[Opening Input records section]

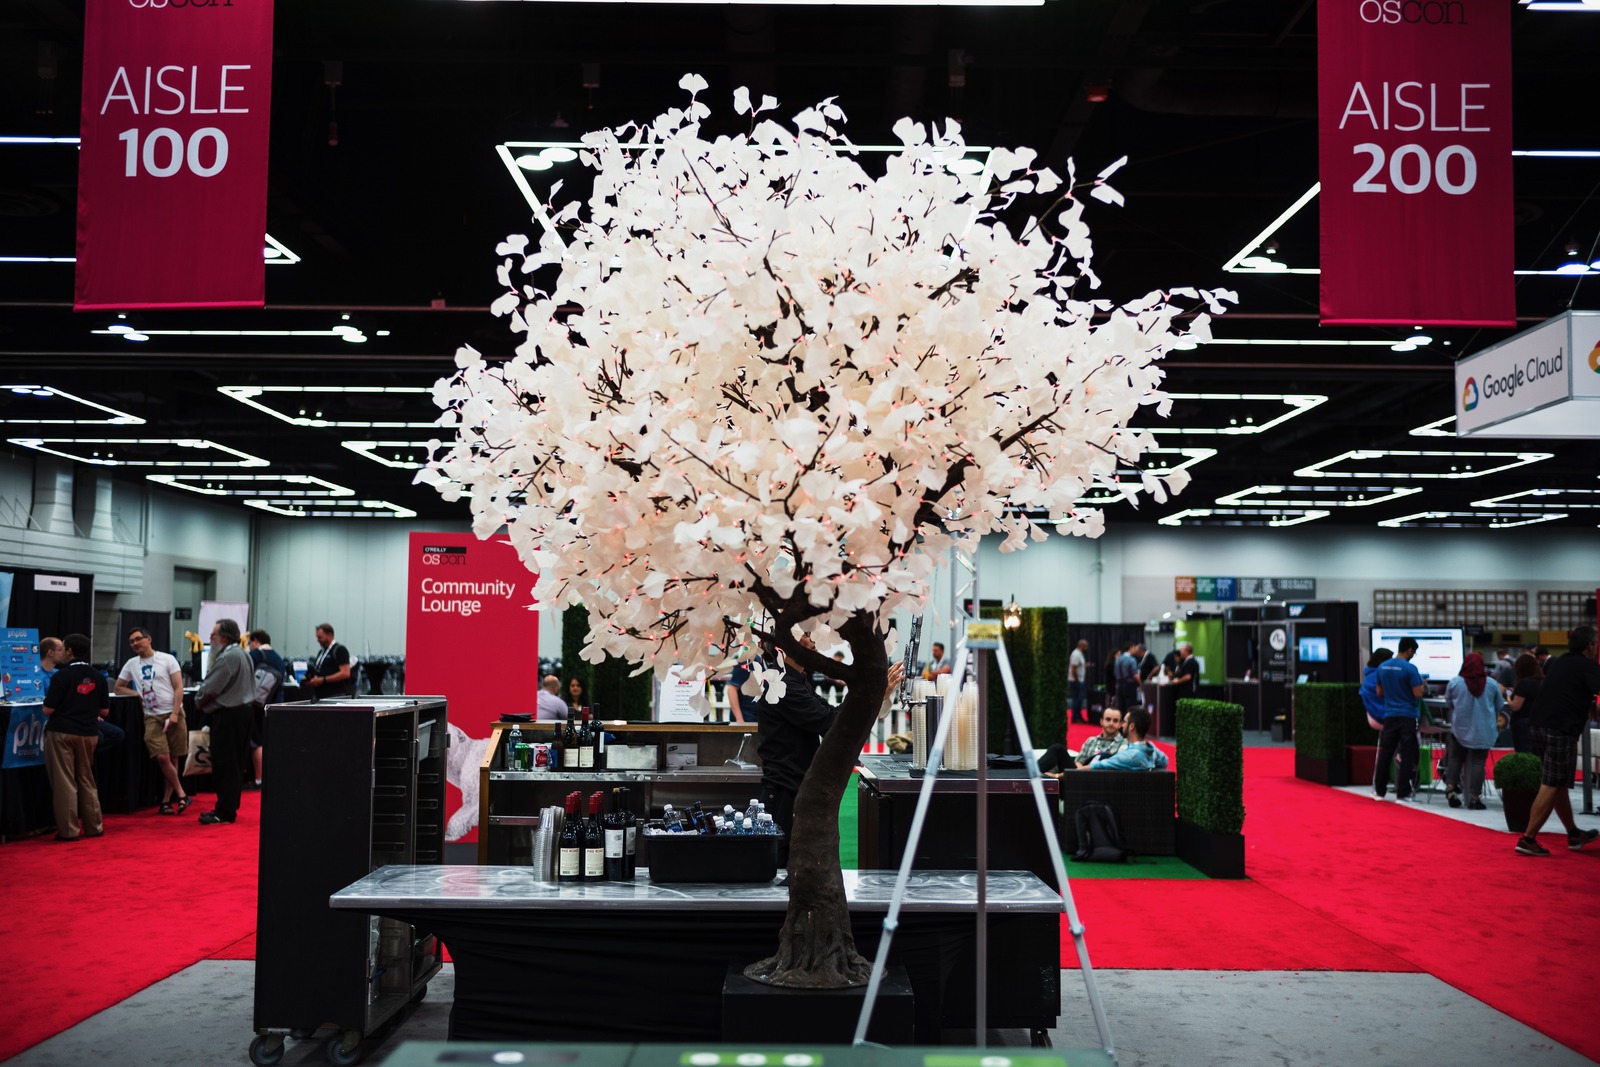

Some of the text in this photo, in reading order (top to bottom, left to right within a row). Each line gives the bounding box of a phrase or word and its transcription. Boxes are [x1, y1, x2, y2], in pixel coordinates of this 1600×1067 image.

[100, 64, 252, 115] AISLE
[1338, 81, 1491, 132] AISLE
[118, 127, 229, 178] 100
[1352, 142, 1478, 195] 200
[1482, 347, 1563, 399] Google Cloud
[421, 578, 516, 599] Community
[421, 596, 482, 616] Lounge

[Closing Input records section]

Print the records above verbatim, pictures excluded.

Answer to this task:
Some of the text in this photo, in reading order (top to bottom, left to right within a row). Each line gives the bounding box of a phrase or word and its transcription. Boxes are [x1, y1, x2, y2], in pixel coordinates of this 1600×1067 image.

[100, 64, 252, 115] AISLE
[1338, 81, 1491, 132] AISLE
[118, 127, 229, 178] 100
[1352, 142, 1478, 195] 200
[1482, 347, 1563, 399] Google Cloud
[421, 578, 516, 599] Community
[421, 596, 482, 616] Lounge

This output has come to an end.